The Maine Department of Corrections said Wednesday that it is testing nearly 700 inmates and staff at its prison in Windham in response to an inmate’s confirmed case of COVID-19, but it will not conduct mass testing in other facilities.

The department confirmed the case at the Maine Correctional Center on Tuesday. The man in his 20s is the first inmate at one of the state’s prisons to have the disease caused by the coronavirus. That result triggered testing that will take place over three days for everyone who is incarcerated or employed at the Windham facility. The Department of Corrections announced Wednesday night that the first 148 tests – 64 staff and 84 inmates – were negative.

Corrections Commissioner Randall Liberty said he does not plan to conduct the same widespread testing in the state’s five other correctional facilities, including a women’s re-entry center on the Windham campus. He said that strategy follows federal guidelines, and he credited employees for following pandemic protocols, like daily screenings when they come to work.

“We’ve had great success with what we’ve done so far, and I deeply appreciate all the efforts of my employees at the Maine Department of Corrections,” Liberty said.

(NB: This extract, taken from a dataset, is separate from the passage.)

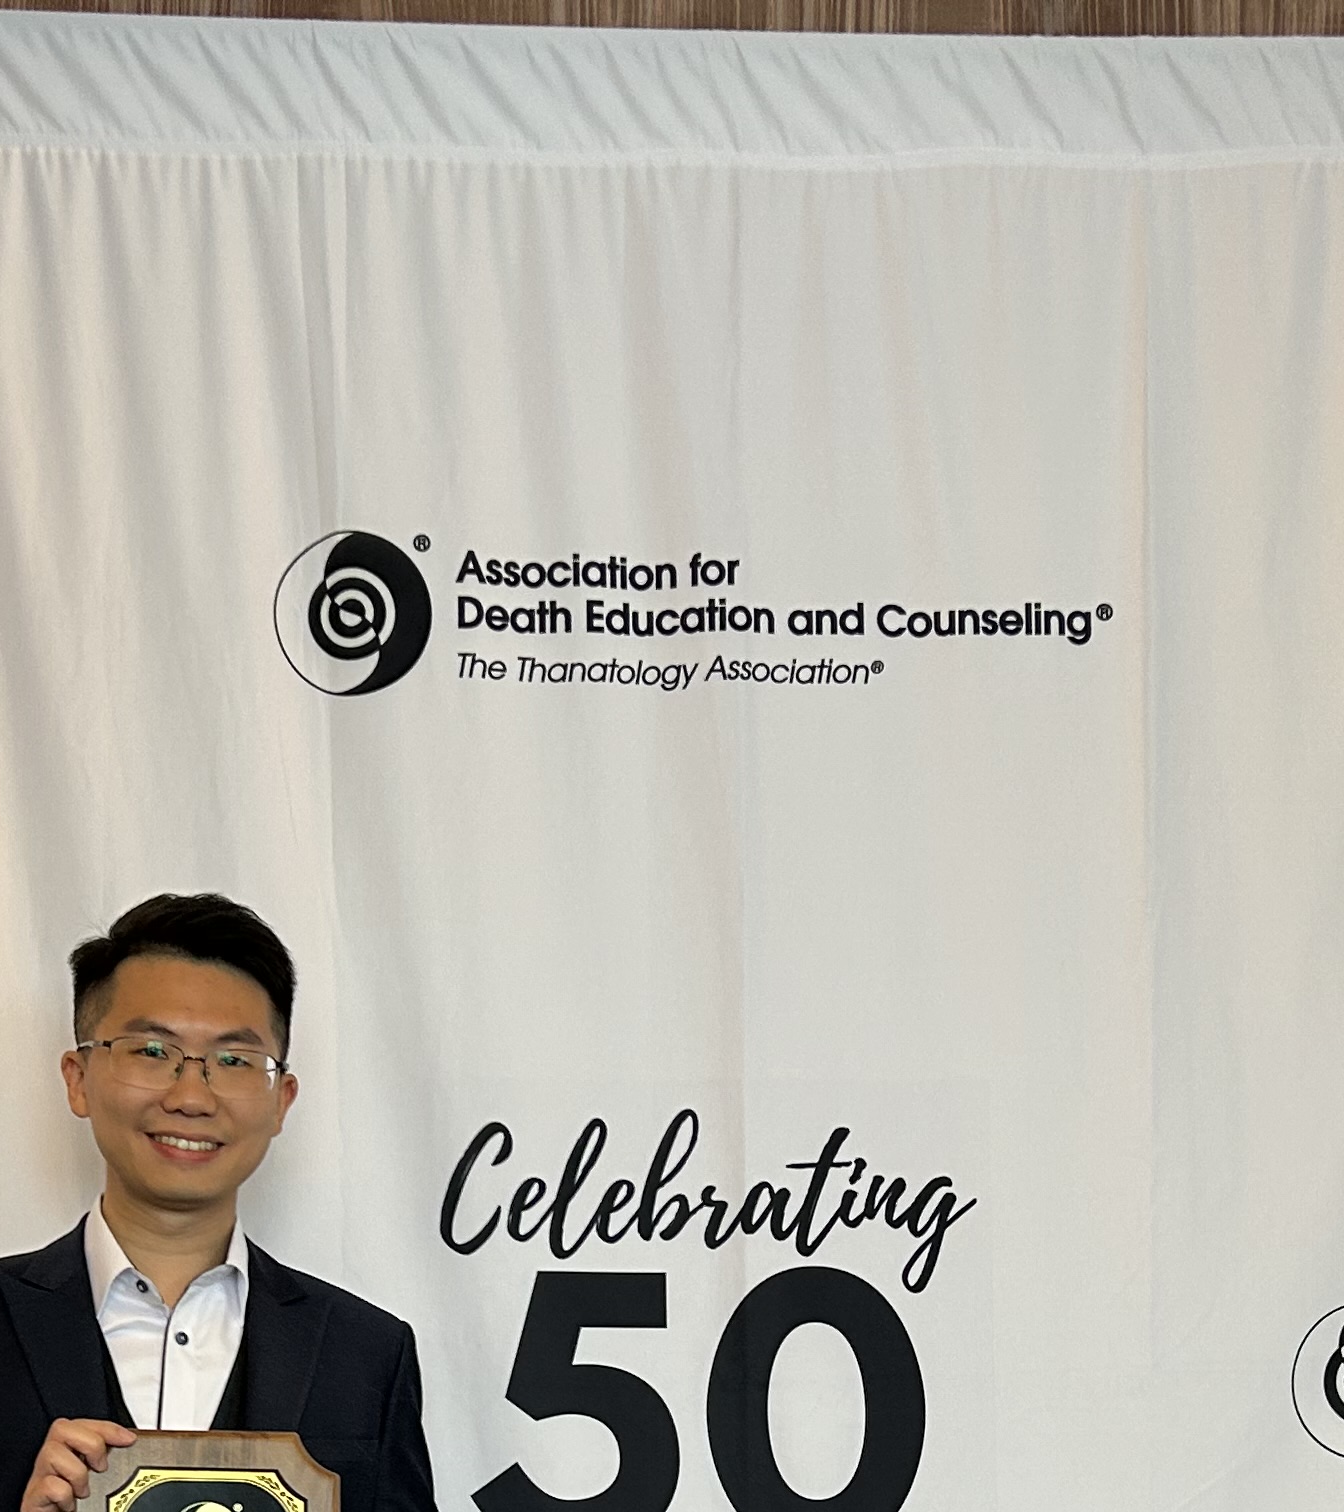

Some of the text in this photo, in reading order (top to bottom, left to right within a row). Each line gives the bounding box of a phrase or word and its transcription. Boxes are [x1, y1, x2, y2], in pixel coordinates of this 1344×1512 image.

Before Tuesday, the department had tested 27 adults and five youths. More than 1,900 adults and 30 juveniles are incarcerated in state prisons.

But the federal Centers for Disease Control and Prevention published a report last week that identified testing as a potential strategy to prevent outbreaks in those facilities. Some states that have started to test more widely in jails and prisons are finding cases in people who did not appear to be sick. And more stakeholders in Maine, including two unions that represent corrections employees, are calling on the department do the same.

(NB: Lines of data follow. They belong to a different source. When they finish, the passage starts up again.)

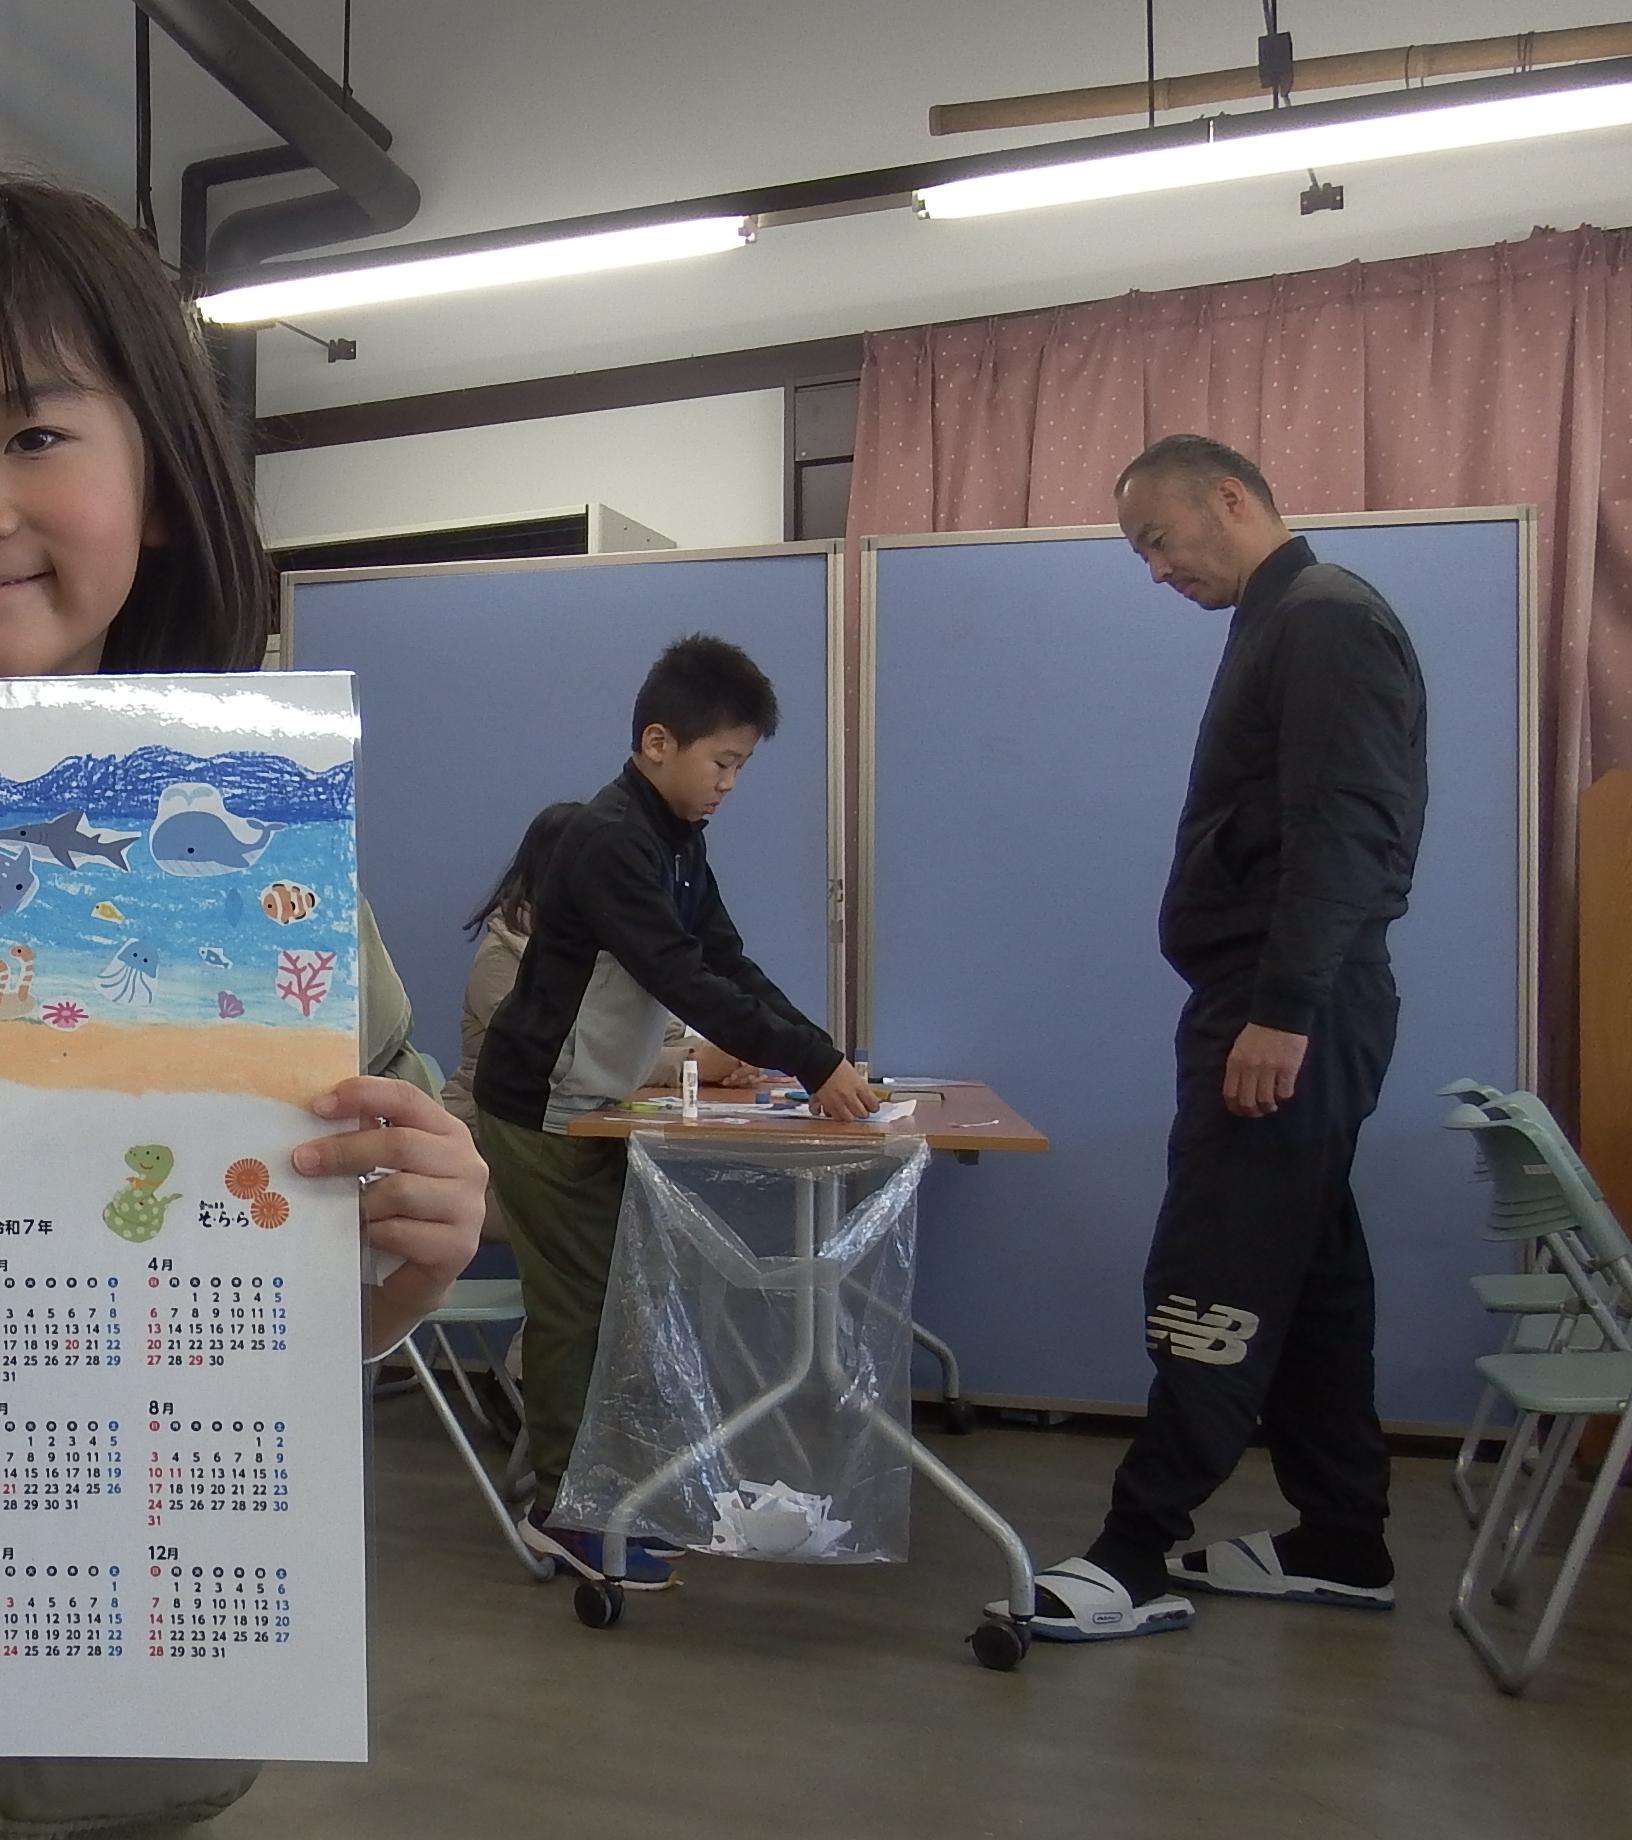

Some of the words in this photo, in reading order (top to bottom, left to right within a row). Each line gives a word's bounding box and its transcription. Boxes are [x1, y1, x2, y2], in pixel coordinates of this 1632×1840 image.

[148, 1257, 172, 1271] 4月
[109, 1293, 116, 1302] 1
[149, 1308, 158, 1318] 6
[170, 1308, 179, 1318] 7
[191, 1308, 200, 1318] 8
[212, 1308, 220, 1318] 9
[231, 1308, 244, 1318] 10
[252, 1308, 263, 1318] 11
[272, 1308, 285, 1318] 12
[3, 1356, 17, 1366] 24
[24, 1356, 38, 1366] 25
[45, 1356, 58, 1366] 26
[65, 1355, 79, 1365] 27
[86, 1356, 100, 1365] 28
[107, 1355, 120, 1366] 29
[3, 1371, 15, 1382] 31
[149, 1400, 173, 1415] 8月
[256, 1437, 262, 1447] 1
[276, 1437, 284, 1447] 2
[149, 1468, 162, 1478] 10
[170, 1468, 181, 1478] 11
[191, 1468, 203, 1478] 12
[212, 1468, 225, 1478] 13
[232, 1469, 245, 1478] 14
[253, 1469, 266, 1479] 15
[274, 1469, 288, 1479] 16
[3, 1484, 15, 1494] 21
[24, 1484, 38, 1494] 22
[45, 1484, 59, 1494] 23
[66, 1484, 79, 1494] 24
[86, 1483, 100, 1494] 25
[107, 1483, 121, 1494] 26
[148, 1515, 160, 1526] 31
[149, 1546, 178, 1560] 12月
[111, 1581, 117, 1591] 1
[4, 1614, 18, 1624] 10
[25, 1614, 37, 1624] 11
[46, 1613, 59, 1624] 12
[67, 1613, 80, 1624] 13
[88, 1613, 101, 1624] 14
[109, 1613, 122, 1624] 15
[149, 1630, 161, 1640] 21
[170, 1630, 184, 1641] 22
[191, 1630, 205, 1641] 23
[212, 1631, 226, 1641] 24
[233, 1631, 247, 1642] 25
[254, 1632, 268, 1642] 26
[275, 1632, 289, 1642] 27
[149, 1646, 164, 1656] 28
[171, 1646, 185, 1657] 29
[191, 1647, 206, 1657] 30
[212, 1647, 225, 1658] 31

“Although symptom screening is important, an investigation of a COVID-19 outbreak in a skilled nursing facility found that approximately one half of cases identified through facility-wide testing were among asymptomatic and presymptomatic persons, who likely contributed to transmission,” the federal report said. “These data indicate that symptom screening alone is inadequate to promptly identify and isolate infected persons in congregate settings such as correctional and detention facilities.”

The authors recommended tactics like physical distancing, use of cloth face coverings and additional cleaning. They also noted that some jurisdictions have tried to reduce crowding by releasing people to home confinement or community supervision, a strategy that has been used in Maine but on a limited basis.

“Testing might become an important strategy to include when it is more widely available and when facilities have developed plans for how the results can be used to inform operational strategies to reduce transmission risk,” they wrote.

The Marshall Project, a nonprofit news organization that reports on criminal justice, reported that aggressive testing caused a surge in the known cases in state prisons, which now number more than 25,000. A Reuters investigation analyzed four prison systems – Arkansas, North Carolina, Ohio and Virginia – and found that 96 percent of 3,277 inmates who tested positive for the coronavirus were asymptomatic.

In Maine, the call for mass testing in correctional facilities has been unanswered for weeks.

The NAACP branch at the Maine State Prison in Warren included that request in an April 29 letter to the governor and the commissioner. A group of 22 legislators did the same in a letter dated the next day. Representatives of two unions that cover corrections workers also have endorsed that approach.


“We join advocates and the other corrections union in calling for broader testing in all state correctional facilities,” said Jeff McCabe, director of politics and legislation for the Maine Service Employees Association, SEIU Local 1989. “Now is the time to test all workers and all those incarcerated to slow the spread and protect all workers. We can no longer wait.”

The American Civil Liberties Union of Maine also has called for universal testing. The organization is representing two incarcerated men who are suing the department in federal court over its pandemic response. In a status report filed late Wednesday afternoon, staff attorney Emma Bond asked the court to order universal testing at other prisons as well.

“Jails and prisons across the country have become hotspots for the spread of COVID-19, and without more proactive measures it was only a matter of time before it happened in Maine,” Bond wrote in an email. “Now Maine DOC must step up its efforts to stop the virus from spreading like wildfire inside.”

Gov. Janet Mills this week expanded access to coronavirus tests. She has said the state wants to use its new testing capacity to fully implement universal testing in congregate care settings, such as nursing homes. Previously, the state was able to do so only after an outbreak.

A spokeswoman for the governor’s office did not directly answer a question Wednesday about whether that universal testing strategy will extend to prisons and jails.

“The Department of Corrections will continue to evaluate its COVID-19 response plan, in close collaboration with Maine CDC, and make any appropriate adjustments to protect clients and staff,” Lindsay Crete wrote in an email.

The man who has testified positive at Maine Correctional Center is still isolated and has not needed to be hospitalized. The facility housed 399 men and 63 women as of Wednesday. It has 216 employees. A department spokeswoman said 187 people – 64 employees and 123 inmates – received tests on Tuesday.

An employee at the Bolduc Correctional Facility tested positive in March, but the department did not adopt its stricter protocols at that time.